(Items listed in a dataset)
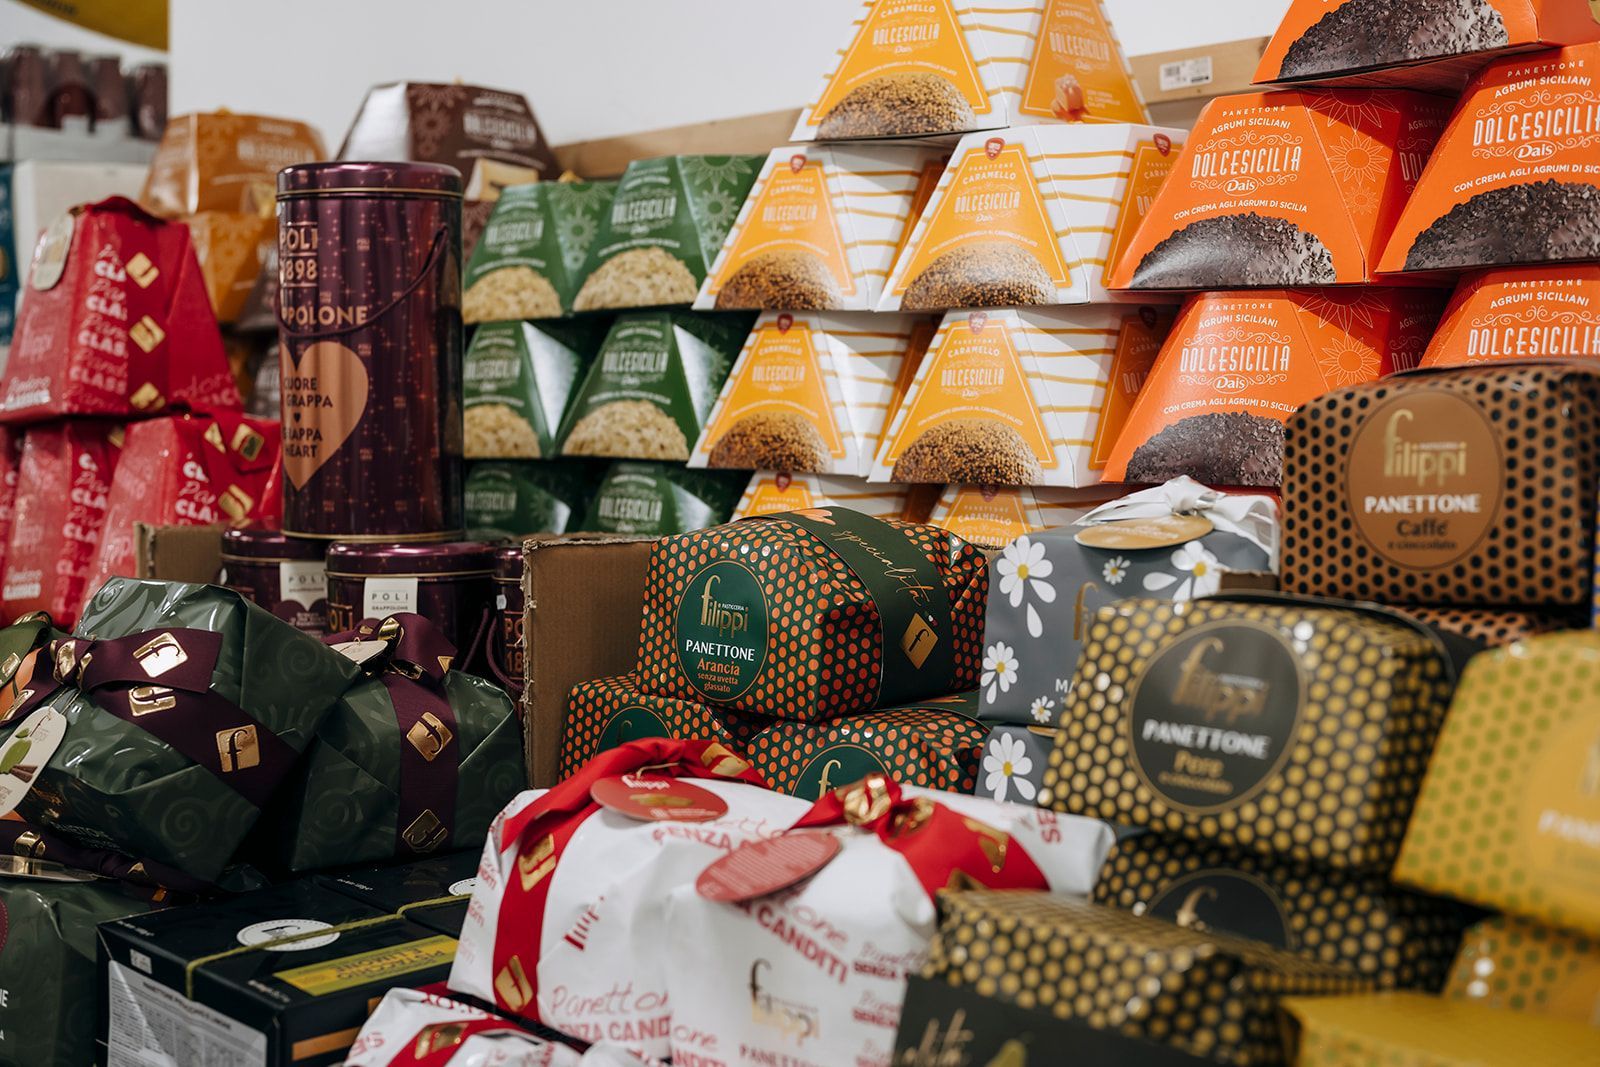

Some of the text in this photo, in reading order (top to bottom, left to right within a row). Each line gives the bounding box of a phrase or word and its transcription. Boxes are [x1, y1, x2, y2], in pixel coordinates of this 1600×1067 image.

[881, 4, 937, 19] CARAMELLO
[872, 23, 941, 46] DOLCESICILIA
[1050, 31, 1110, 62] DOLCESICILIA
[1507, 60, 1584, 77] PANETTONE
[1494, 75, 1591, 99] AGRUMI SICILIANI
[1222, 105, 1286, 117] PANETTONE
[1211, 117, 1290, 136] AGRUMI SICILIANI
[1518, 142, 1554, 159] Dais
[1191, 145, 1302, 179] DOLCESICILIA
[962, 171, 1017, 185] CARAMELLO
[1226, 179, 1257, 193] Dais
[1453, 180, 1474, 193] CON
[1475, 172, 1507, 187] CREMA
[1509, 167, 1531, 178] AGLI
[1533, 164, 1570, 175] AGRUMI
[1572, 164, 1582, 172] DI
[954, 191, 1021, 213] DOLCESICILIA
[1174, 200, 1308, 221] CON CREMA AGLI AGRUMI DI SICILIA
[1503, 279, 1583, 289] PANETTONE
[1208, 302, 1273, 311] PANETTONE
[1490, 291, 1590, 309] AGRUMI SICILIANI
[1198, 313, 1278, 329] AGRUMI SICILIANI
[947, 345, 1001, 358] CARAMELLO
[1179, 345, 1291, 373] DOLCESICILIA
[941, 367, 1005, 387] DOLCESICILIA
[1215, 376, 1246, 390] Dais
[1163, 403, 1180, 415] CON
[1181, 399, 1207, 411] CREMA
[1208, 398, 1227, 407] AGLI
[1227, 397, 1259, 407] AGRUMI
[1260, 399, 1269, 408] DI
[1384, 408, 1467, 487] filippi
[1364, 493, 1482, 514] PANETTONE
[958, 512, 1012, 526] CARAMELLO
[288, 575, 325, 584] POLI
[371, 592, 409, 601] POLI
[701, 574, 749, 638] filippi
[685, 639, 756, 662] PANETTONE
[697, 657, 741, 676] Arancia
[697, 672, 739, 686] senza uvetta
[704, 680, 732, 693] glassato
[1141, 718, 1273, 761] PANETTONE
[757, 902, 849, 985] CANDITI

**What is expected:**
From the entries above, copy each line holding "AGLI".

**Solution for this problem:**
[1509, 167, 1531, 178] AGLI
[1174, 200, 1308, 221] CON CREMA AGLI AGRUMI DI SICILIA
[1208, 398, 1227, 407] AGLI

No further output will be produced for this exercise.